Although UN Women’s work focuses on sexual and reproductive health and rights for women, men also have an important responsibility to take up this fight and gain the freedoms that come from greater gender equality. Since its launch in 2014, UN Women’s HeforShe movement has received over 1.3 million commitments from men and boys around the world who have signed up to challenge social norms around gender stereotypes and identity, participate in political platforms, and advocate for issues such as education, equal pay, and healthcare. It encourages young men to become agents of change and to stand with women to take action against gender inequalities. 

Youth representation is vital; UN Women needs institutional frameworks in place so that young people’s voices are heard in inter-governmental declarations and agreed language. At UN Women we have a strong framework and policy for youth, and in March 2017 we are hosting the second annual Youth Forum at the Commission on the Status of Women. 

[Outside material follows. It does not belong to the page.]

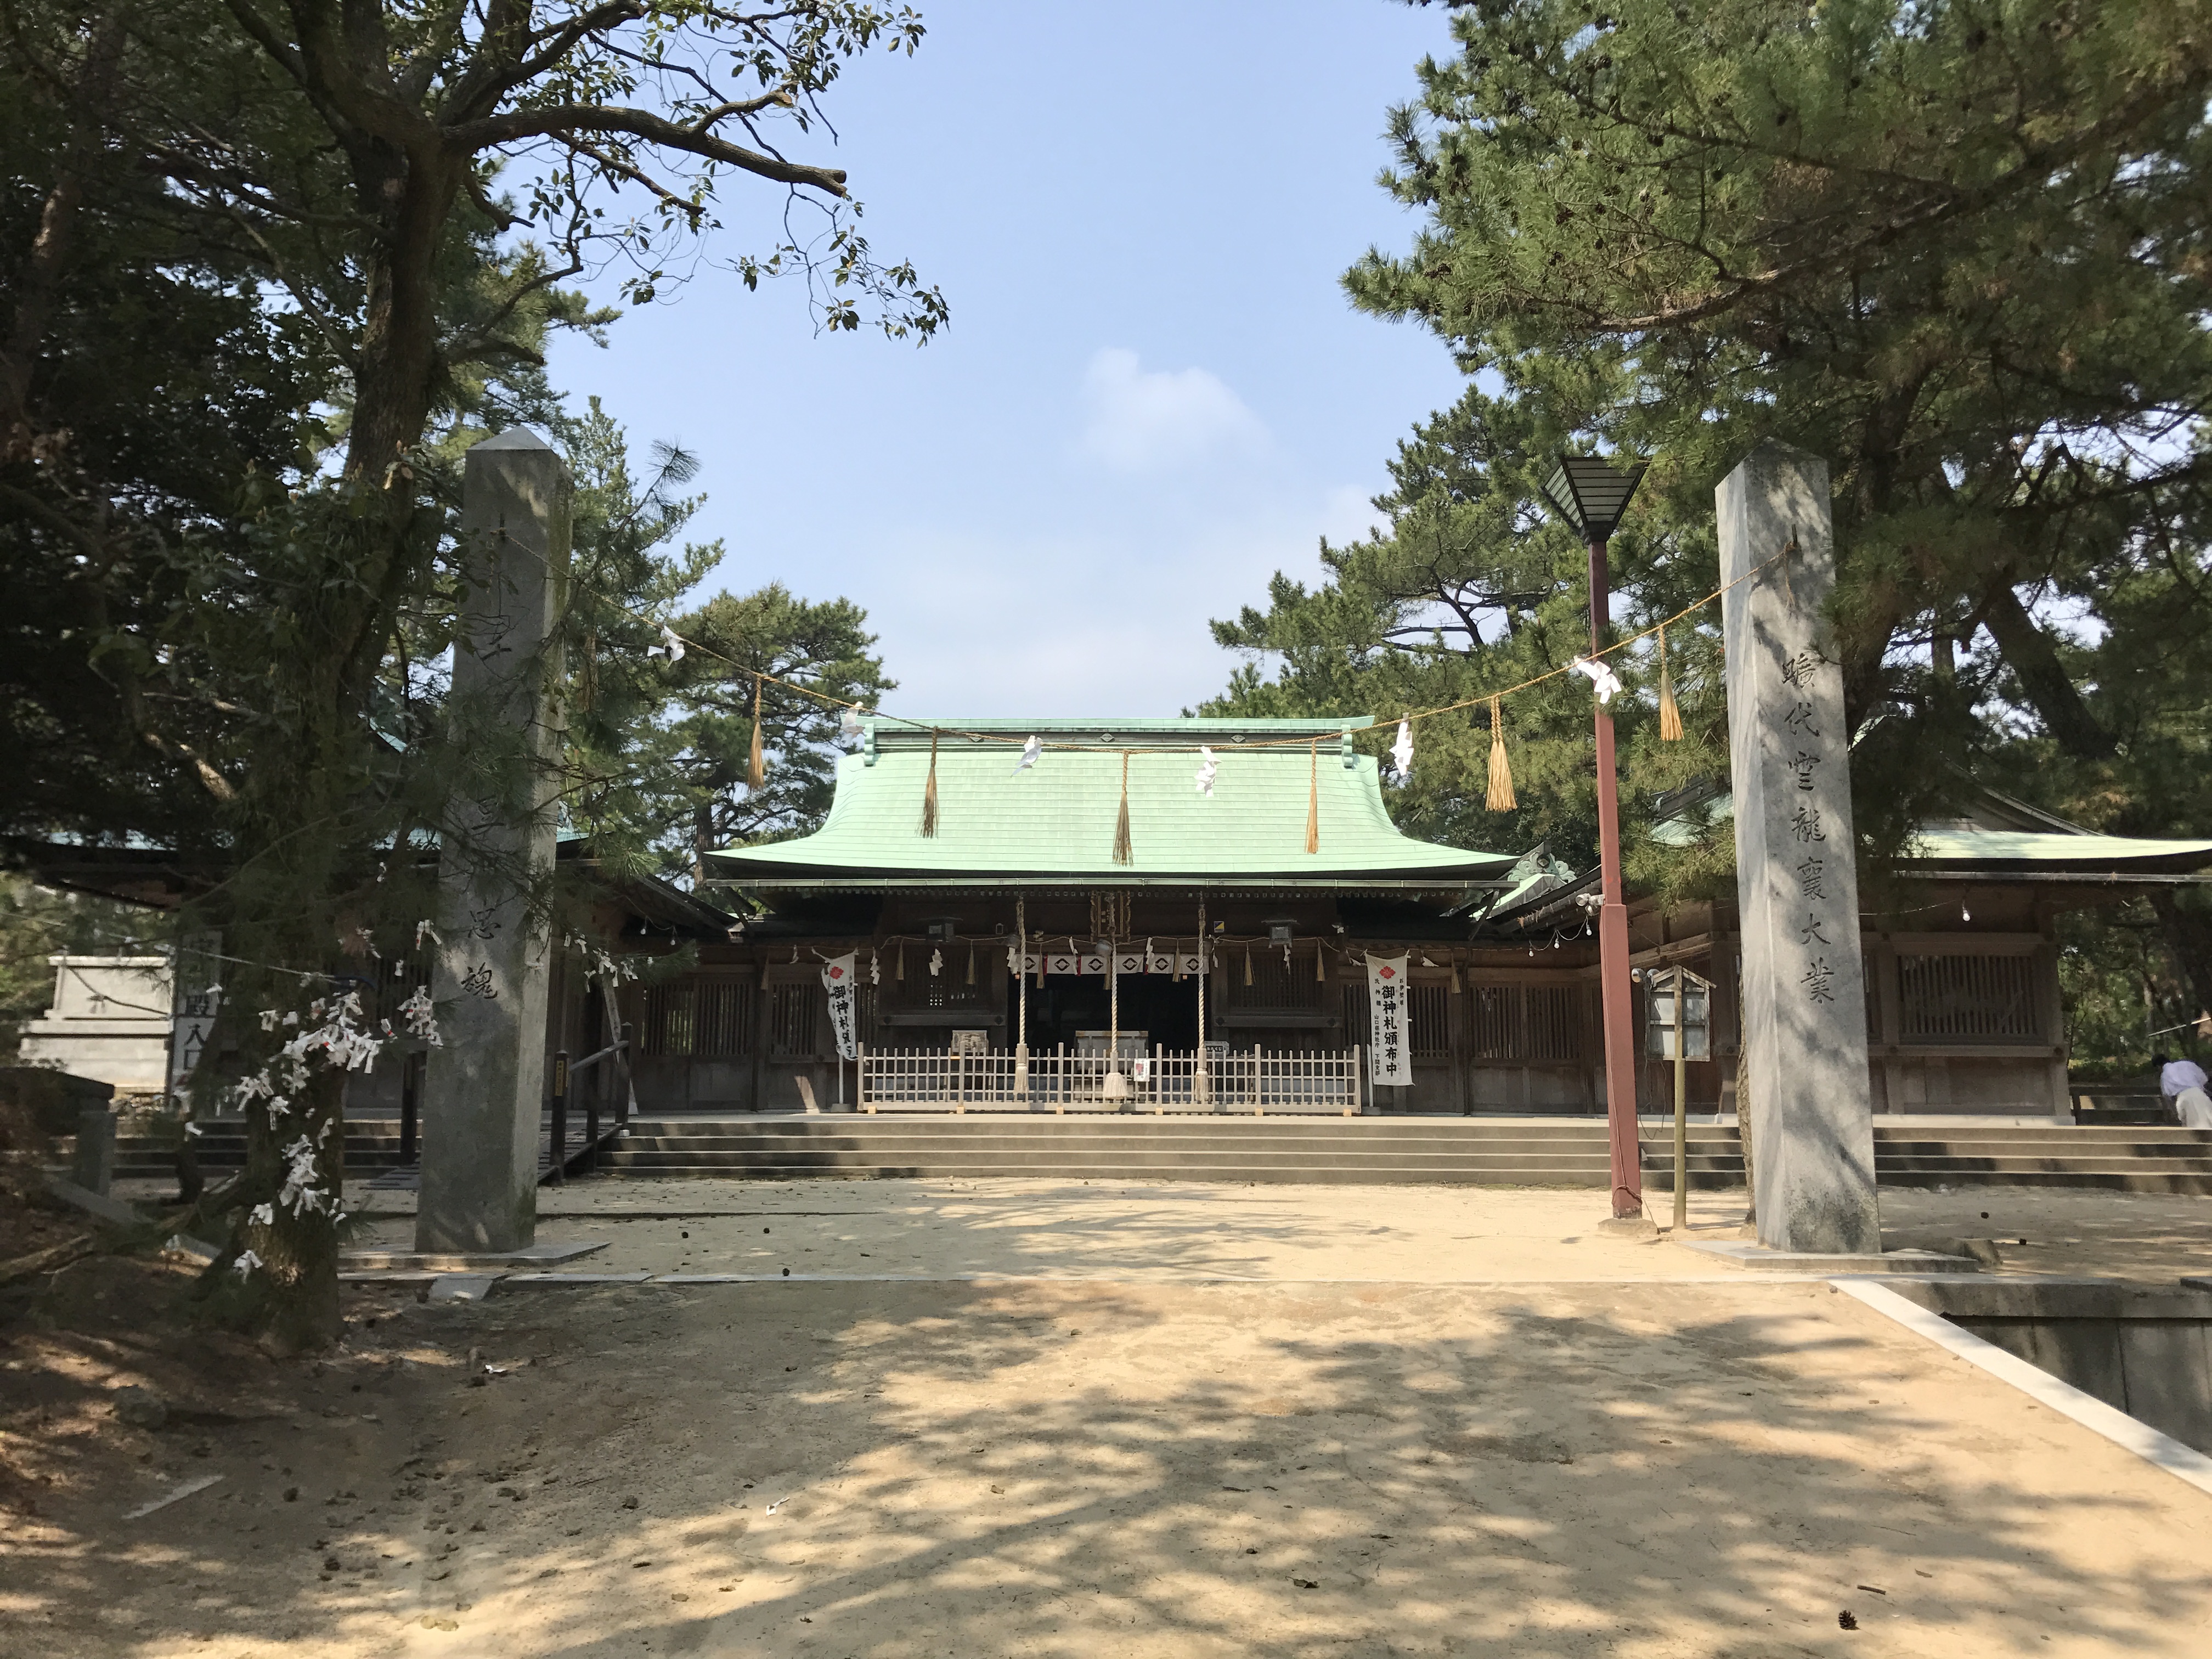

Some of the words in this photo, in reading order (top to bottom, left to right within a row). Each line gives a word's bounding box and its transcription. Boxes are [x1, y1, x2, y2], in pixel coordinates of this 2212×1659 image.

[1381, 985, 1397, 1077] 御神札頒布中

UN Women also recently partnered with the International Planned Parenthood Federation (IPPF) to empower and engage young women in the HIV response. More than 1,000 adolescent girls and young women are leaders and advocates of HIV prevention and sexual and reproductive health and rights in Malawi, Uganda and Kenya, learning how to conduct digital, social, and print media outreach on HIV prevention and sexual and reproductive health. These young leaders have engaged in local, national, and global-level HIV processes that helped them to raise their priorities with community leaders, teachers and decision-makers. We know that these kinds of innovative partnerships, including those that engage with non-traditional constituencies, are key to achieving the 2030 Agenda. 

Localizing the SDGs and ensuring that no one is left behind also requires a strong focus on tackling accumulating vulnerabilities, like socio-economic status, geographical location, education, ethnicity, or disability. All of these intersecting aspects also contribute to health inequalities. 

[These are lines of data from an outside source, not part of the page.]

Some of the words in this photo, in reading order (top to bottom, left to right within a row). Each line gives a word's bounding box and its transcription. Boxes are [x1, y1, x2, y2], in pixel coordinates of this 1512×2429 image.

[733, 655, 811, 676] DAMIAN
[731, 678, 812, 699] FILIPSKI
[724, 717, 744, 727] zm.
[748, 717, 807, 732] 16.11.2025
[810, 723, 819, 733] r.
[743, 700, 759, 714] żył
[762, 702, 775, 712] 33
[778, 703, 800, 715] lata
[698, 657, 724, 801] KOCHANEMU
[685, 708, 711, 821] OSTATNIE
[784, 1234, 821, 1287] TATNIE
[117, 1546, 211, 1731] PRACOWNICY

Bodily autonomy and decision-making over sexual health are central to achieving gender equality and women’s empowerment, so that women and girls can achieve their potential and thrive. They reflect women’s indivisible and interdependent human rights, and they require immediate and committed attention at all levels. 

Everyone has the right to life, liberty and security of person; yet millions do not experience those rights. In the 2030 Agenda we have committed to a universality of attention, where no one is left behind, and those that are living in the greatest poverty and inequality are those who are brought forward first. A crucial step in changing the lives of those currently furthest behind is the removal of persistent structural barriers to gender equality so that the girls growing up now have a chance to flourish in a world of greater peace, security, and hope.